What you have to do. If a record holds a picture, leave the picture out and restate everything else word for word.

Input for this task.
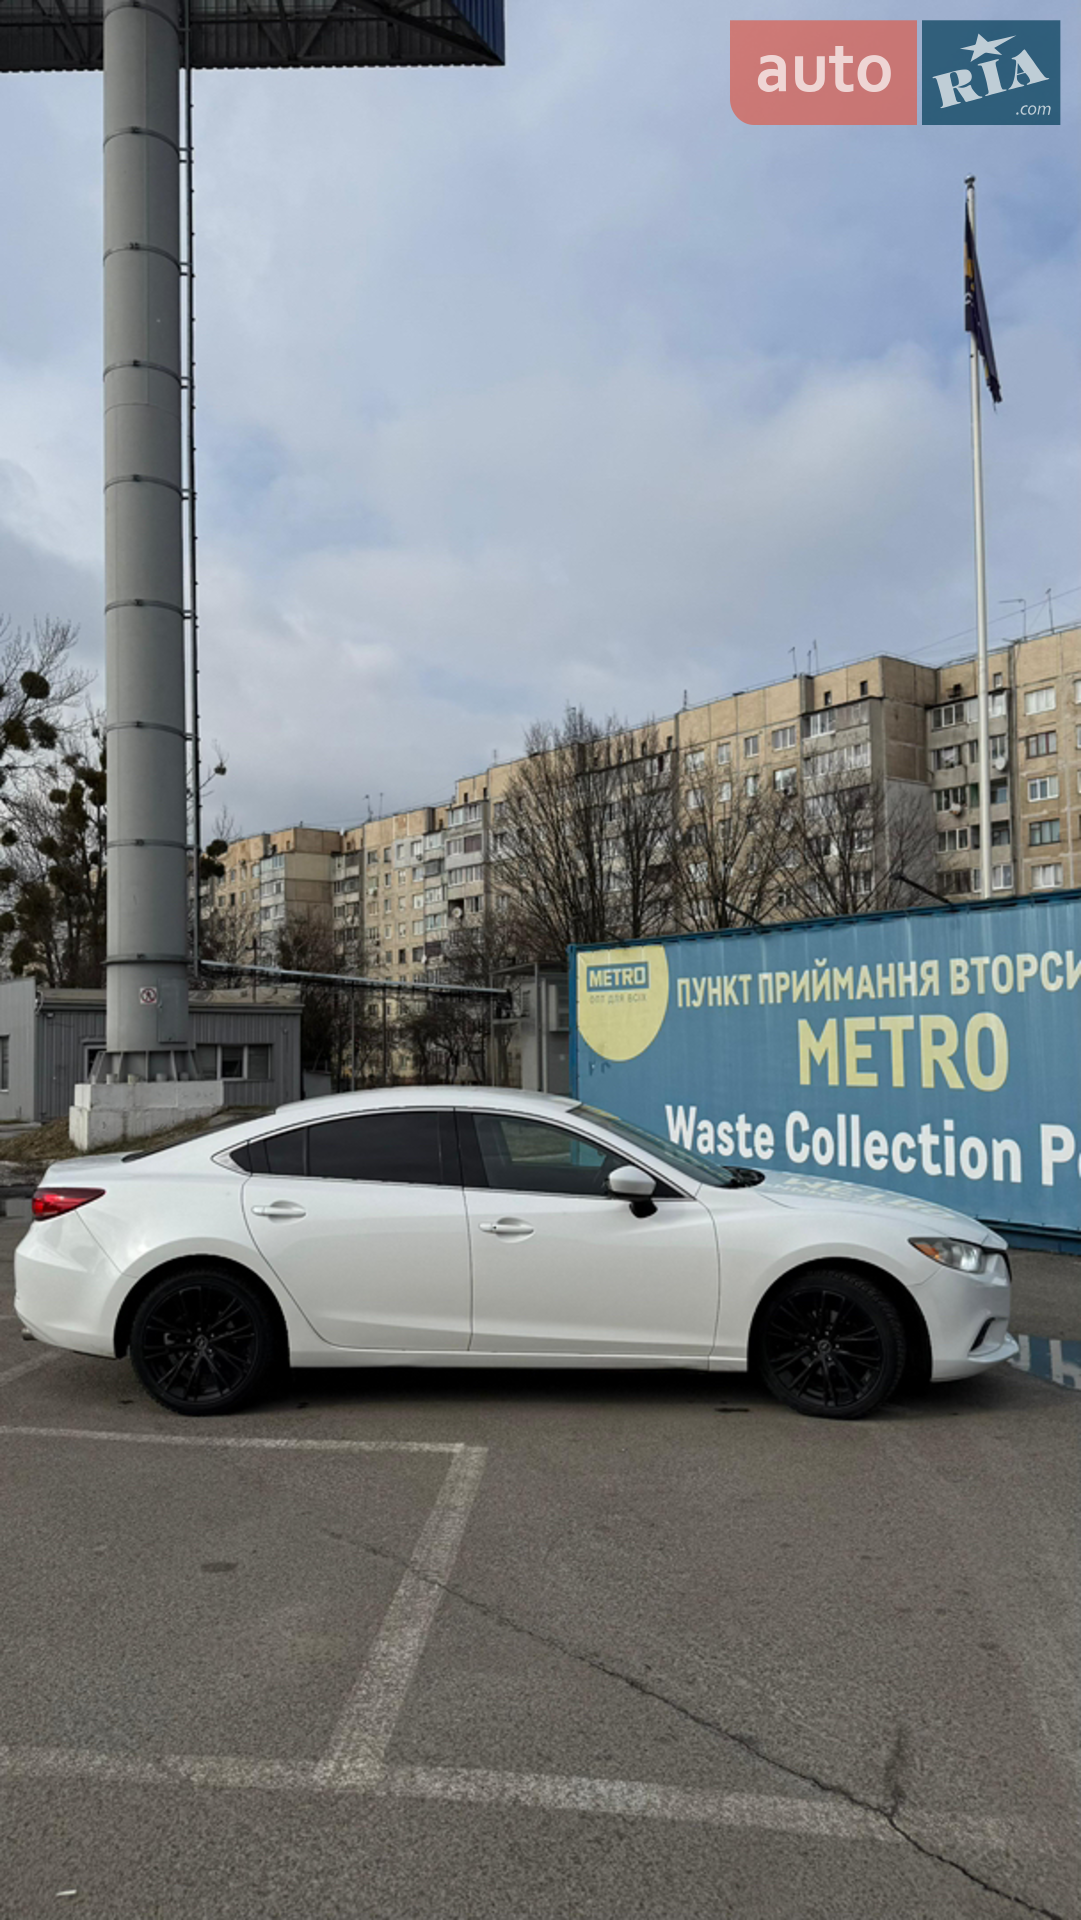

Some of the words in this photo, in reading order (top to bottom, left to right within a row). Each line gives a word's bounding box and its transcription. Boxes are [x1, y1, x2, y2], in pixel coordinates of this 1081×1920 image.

[589, 966, 647, 988] METRO
[677, 974, 752, 1008] ПУНКТ
[758, 957, 940, 1005] ПРИЙМАННЯ
[797, 1012, 1010, 1092] METRO
[664, 1104, 775, 1160] Waste
[785, 1110, 1022, 1184] Collection
[1040, 1123, 1081, 1187] P
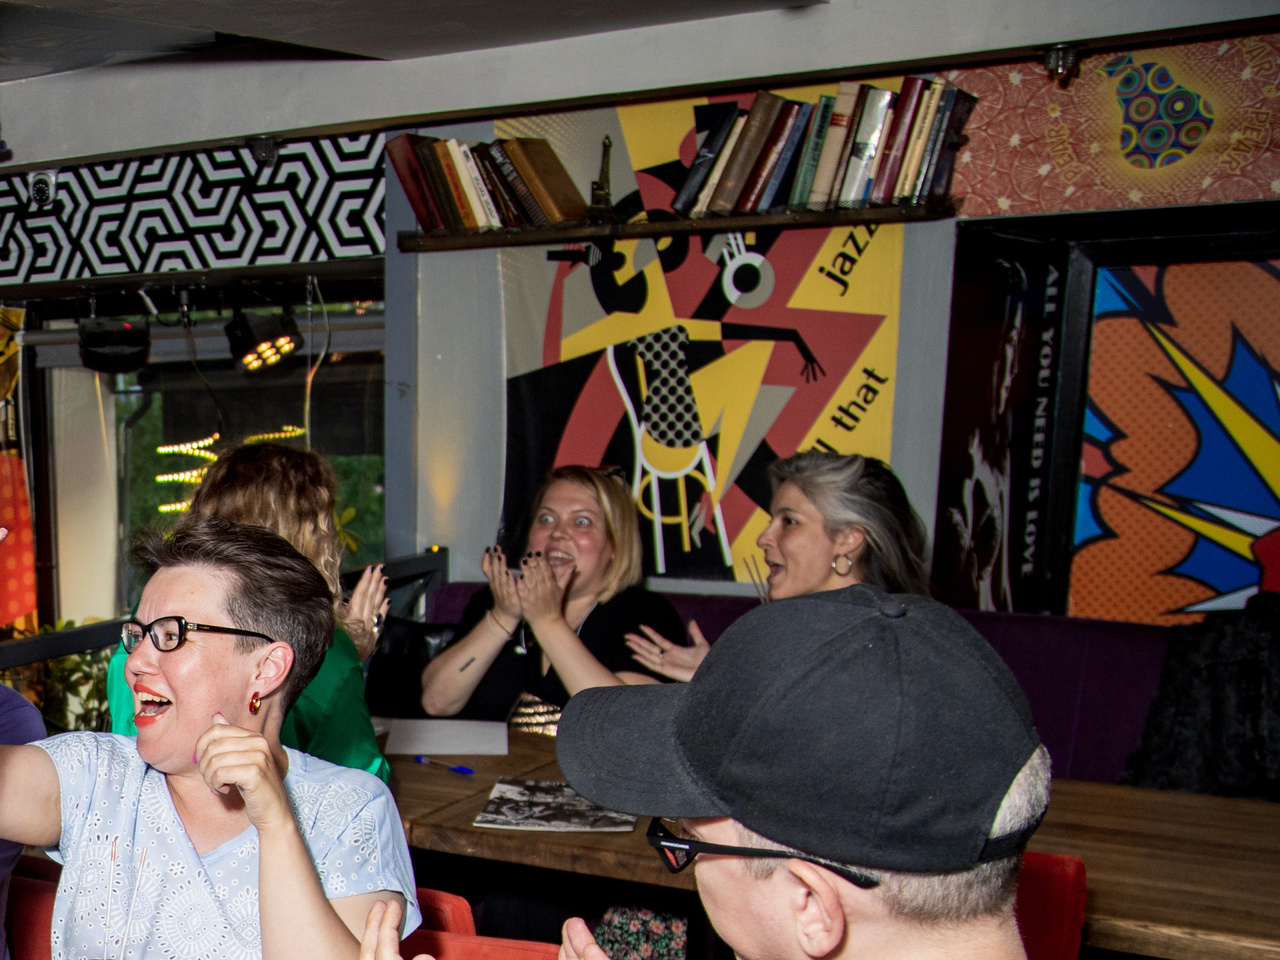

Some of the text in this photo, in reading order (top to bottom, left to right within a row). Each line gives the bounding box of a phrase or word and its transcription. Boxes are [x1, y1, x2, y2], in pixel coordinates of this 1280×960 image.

[1045, 122, 1088, 185] PEAR
[1217, 108, 1273, 174] PEAR
[818, 222, 881, 297] jazz
[830, 366, 889, 432] that
[1021, 264, 1060, 578] ALL YOU NEED IS LOVE
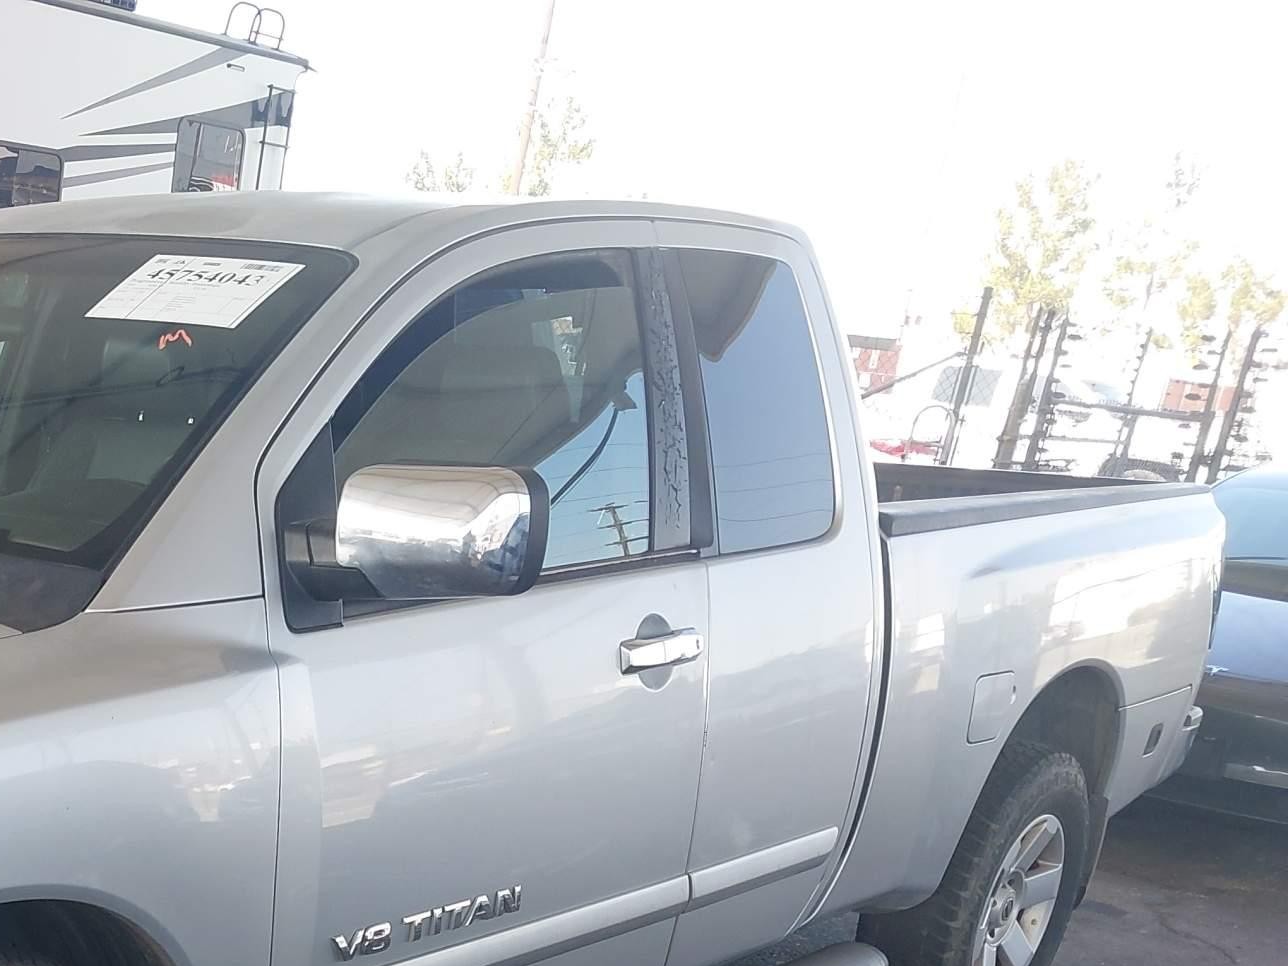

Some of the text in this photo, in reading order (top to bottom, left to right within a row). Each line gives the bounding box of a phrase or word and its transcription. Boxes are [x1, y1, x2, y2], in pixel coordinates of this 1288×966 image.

[147, 268, 266, 287] 45754043
[331, 883, 523, 962] V8 TITAN

Solution to this problem.
Some of the words in this photo, in reading order (top to bottom, left to right within a row). Each line gives a word's bounding box and its transcription. Boxes are [x1, y1, x2, y2], in pixel coordinates of this 1081×1920 image.

[589, 966, 647, 988] METRO
[677, 974, 752, 1008] ПУНКТ
[758, 957, 940, 1005] ПРИЙМАННЯ
[797, 1012, 1010, 1092] METRO
[664, 1104, 775, 1160] Waste
[785, 1110, 1022, 1184] Collection
[1040, 1123, 1081, 1187] P

Some of the text in this photo, in reading order (top to bottom, left to right within a row). Each line gives the bounding box of a phrase or word and its transcription. Boxes are [x1, y1, x2, y2], in pixel coordinates of this 1280×960 image.

[1045, 122, 1088, 185] PEAR
[1217, 108, 1273, 174] PEAR
[818, 222, 881, 297] jazz
[830, 366, 889, 432] that
[1021, 264, 1060, 578] ALL YOU NEED IS LOVE

Some of the text in this photo, in reading order (top to bottom, left to right within a row). Each line gives the bounding box of a phrase or word and its transcription. Boxes are [x1, y1, x2, y2], in pixel coordinates of this 1288×966 image.

[147, 268, 266, 287] 45754043
[331, 883, 523, 962] V8 TITAN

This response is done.